Paul Ashley Warren Atkinson (19 March 1946 – 1 April 2004) was a British guitarist and record company executive best known as a founding member of the pop/rock band The Zombies.
Paul Atkinson was born in Cuffley, Hertfordshire, and educated at St Albans School. At St Albans, Atkinson met Rod Argent and Hugh Grundy, and the three formed a band initially called the Mustangs, later changed to The Zombies. Colin Blunstone and Paul Arnold joined the new band in early 1961, but Arnold soon left and was replaced by Chris White. After the group won a local contest, they recorded a demo as their prize. Argent’s song “She’s Not There” got them a deal with Decca and was a hit in the UK and US. The group continued to record successfully through the 1960s, but disbanded in December 1967, reportedly over management disagreements.

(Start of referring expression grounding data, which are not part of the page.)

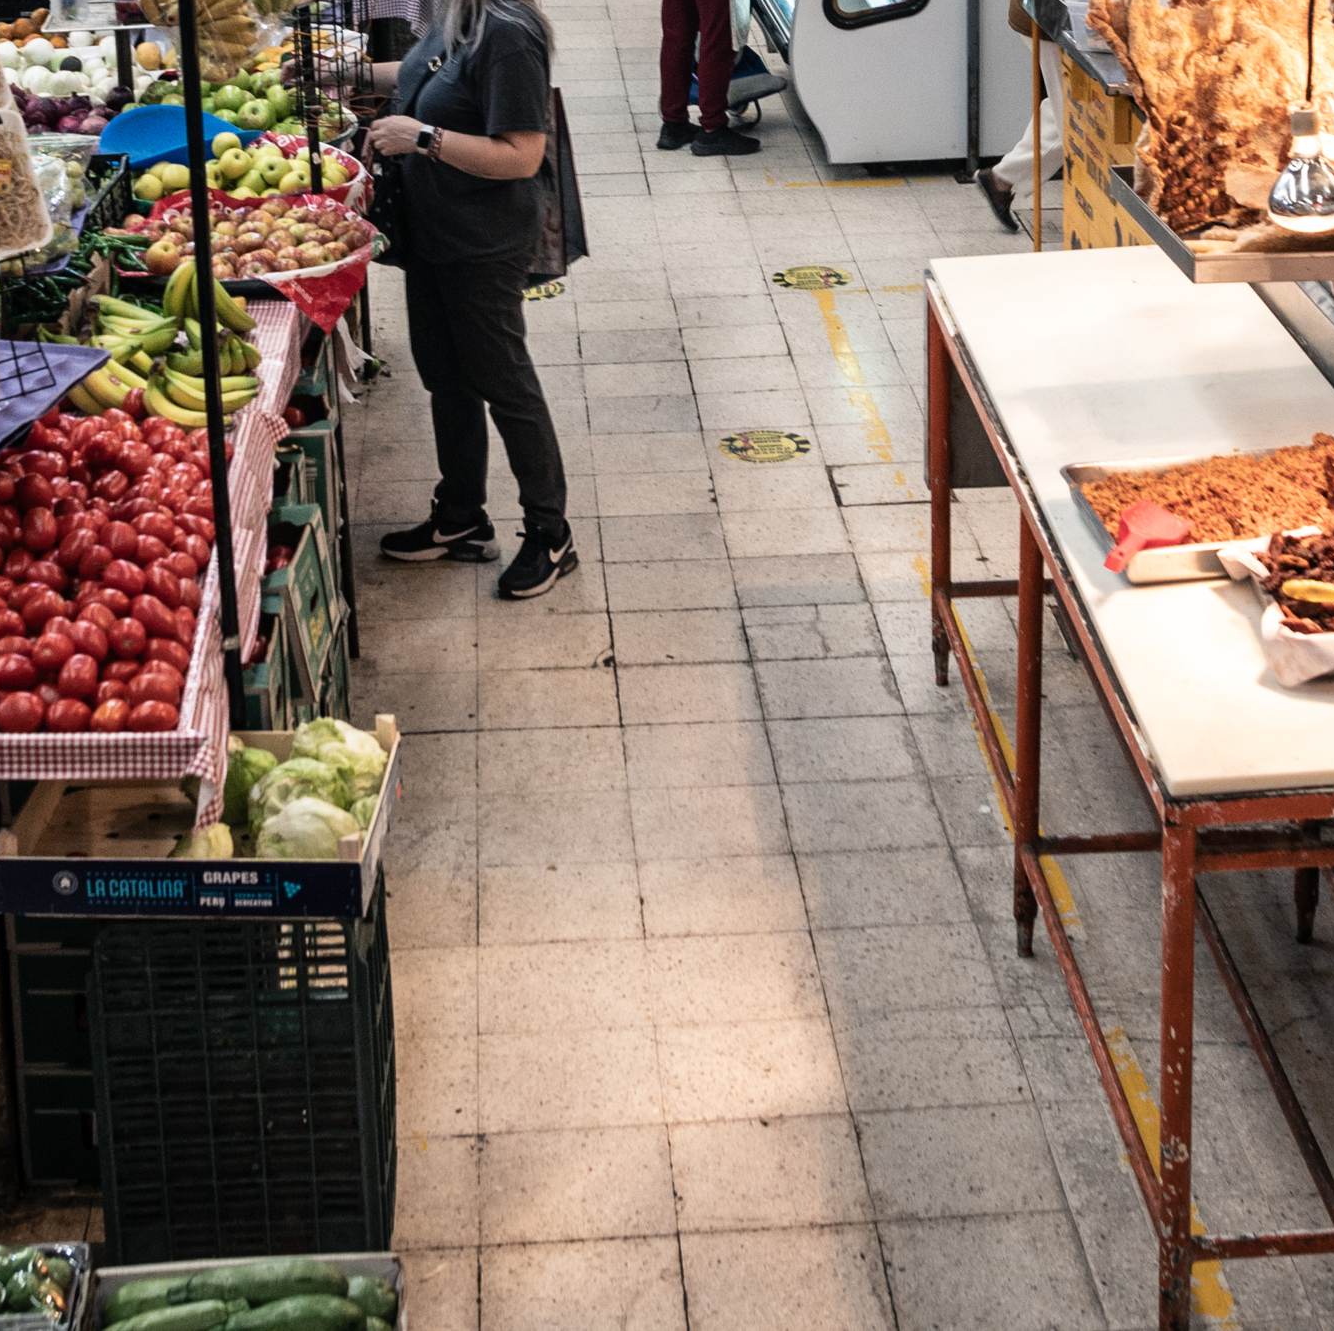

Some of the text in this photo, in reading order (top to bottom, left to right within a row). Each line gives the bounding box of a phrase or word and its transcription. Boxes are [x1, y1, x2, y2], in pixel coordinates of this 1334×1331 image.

[86, 870, 259, 899] LA CATALINA GRAPES
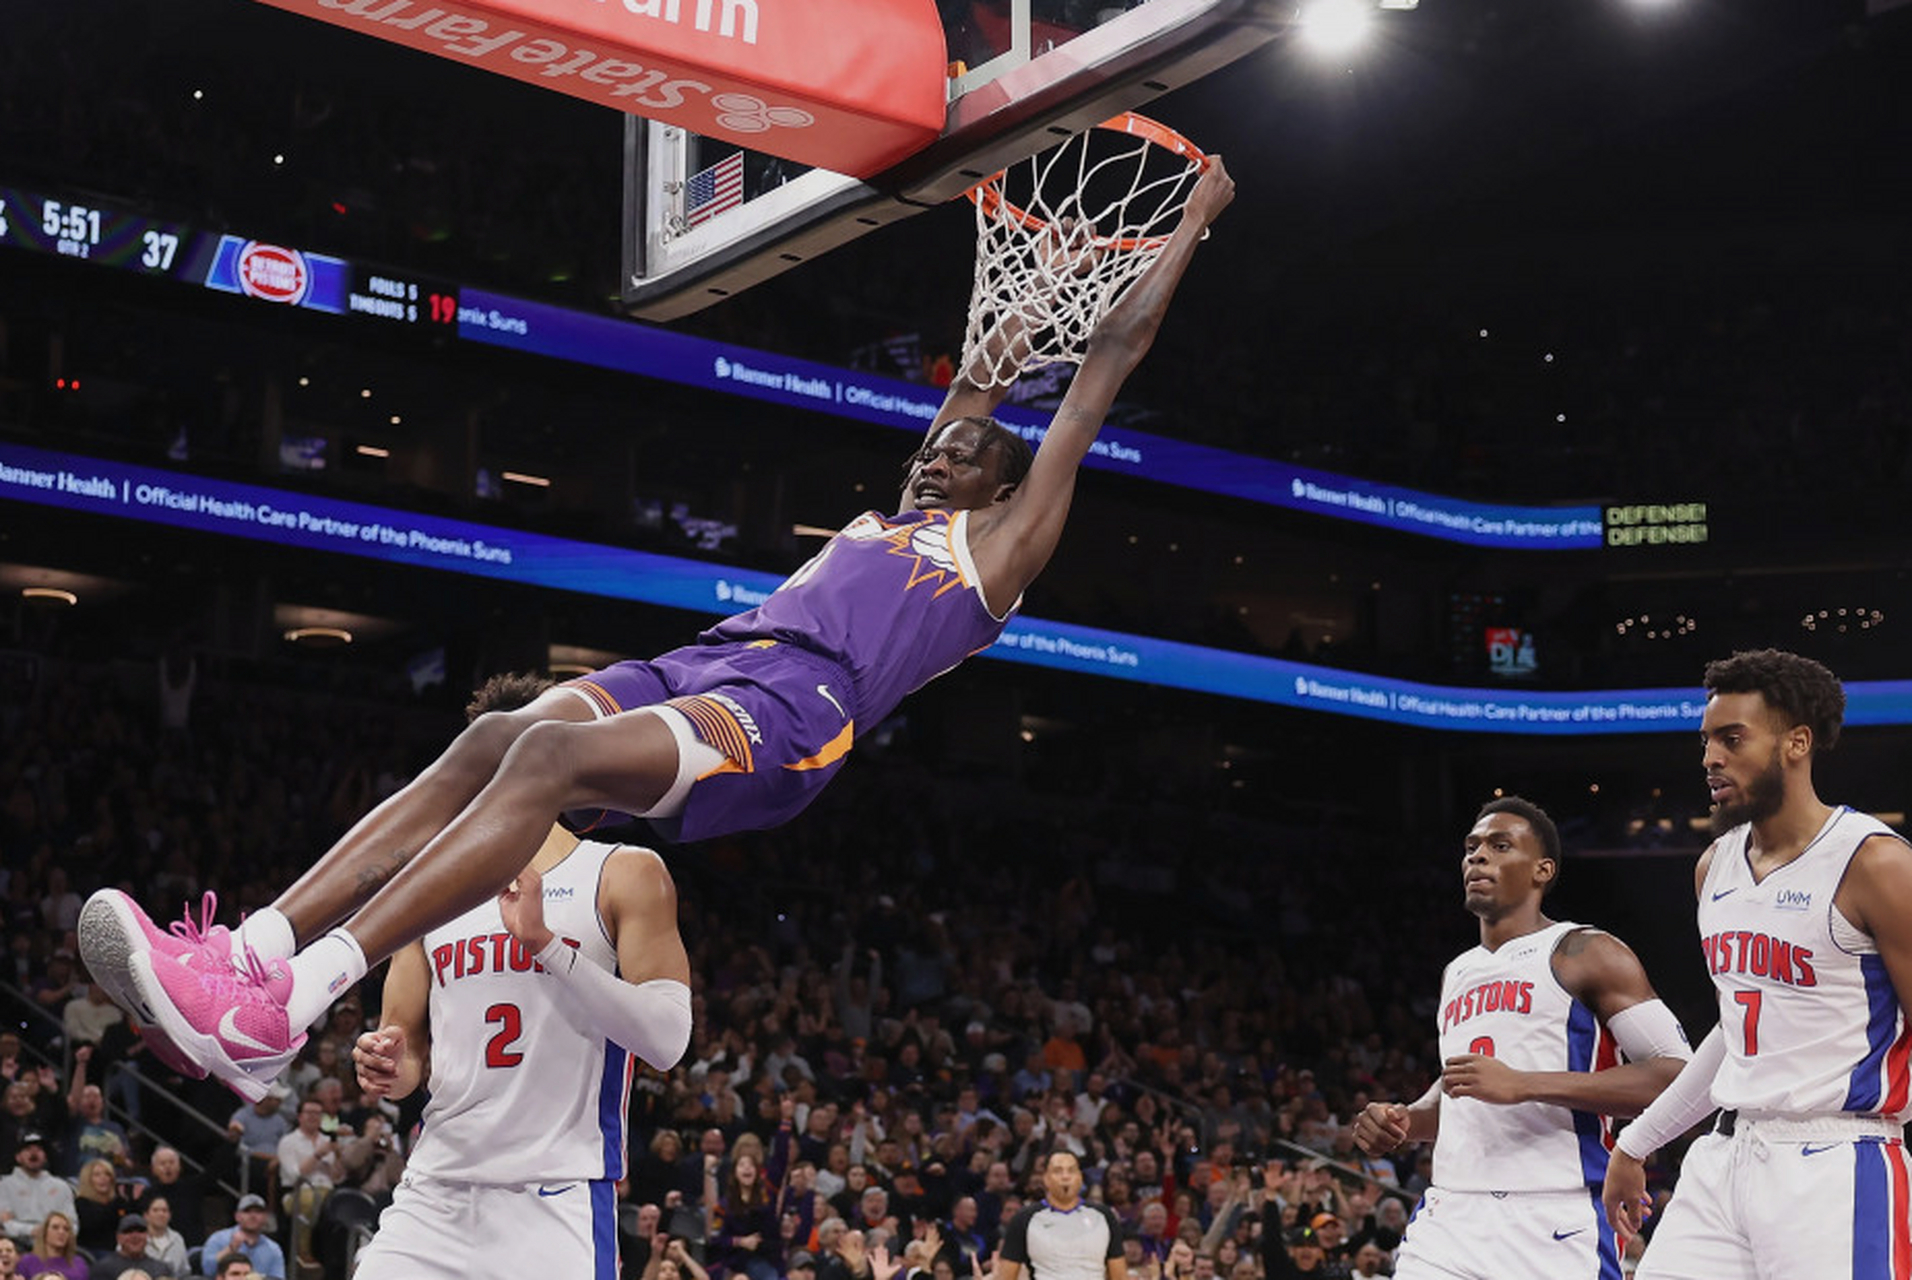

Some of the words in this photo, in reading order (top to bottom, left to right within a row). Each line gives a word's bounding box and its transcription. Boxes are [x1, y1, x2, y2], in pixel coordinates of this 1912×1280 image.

[42, 200, 100, 244] 5:51
[142, 230, 178, 270] 37
[429, 293, 456, 323] 19
[489, 309, 528, 335] Suns
[732, 363, 783, 389] Banner
[785, 373, 831, 399] Health
[845, 386, 894, 411] Official
[1110, 441, 1141, 463] Suns
[57, 472, 116, 499] Health
[135, 484, 197, 512] Official
[199, 495, 255, 521] Health
[257, 505, 297, 528] Care
[299, 512, 359, 538] Partner
[360, 524, 380, 541] of
[380, 526, 407, 546] the
[409, 530, 471, 557] Phoenix
[473, 541, 512, 564] Suns
[1306, 483, 1347, 506] Banner
[1348, 491, 1386, 514] Health
[1396, 501, 1434, 523] Official
[1472, 516, 1503, 533] Care
[1505, 519, 1559, 537] Partner
[1035, 636, 1056, 653] the
[1057, 637, 1106, 661] Phoenix
[1107, 646, 1138, 667] Suns
[1350, 687, 1388, 708] Health
[1398, 694, 1437, 714] Official
[1484, 703, 1516, 719] Care
[1518, 704, 1571, 721] Partner
[1590, 705, 1617, 721] the
[1619, 703, 1678, 719] Phoenix
[1776, 889, 1812, 906] UWM
[432, 932, 580, 989] PISTO
[1443, 980, 1534, 1036] PISTONS
[1734, 991, 1762, 1056] 7
[485, 1003, 524, 1068] 2

Atkinson later became an artists and repertoire executive at Dick James Music, the Beatles’ publishing company, which developed into a production company, discovering and signing such bands as Elton John, ABBA, Bruce Hornsby, Mr. Mister, Judas Priest, Michael Penn and Grayson Hugh, who Atkinson brought to MCA Records from RCA Records in 1991. In January 2004 Atkinson received the President’s Merit Award from the National Academy of Recording Arts and Sciences at a benefit concert at the House of Blues in Los Angeles. The Zombies reunited for the event.
Atkinson died at the age of 58 in a Santa Monica hospital due to liver and kidney disease on 1 April 2004. He had been suffering from cancer for some time, and had two liver transplants.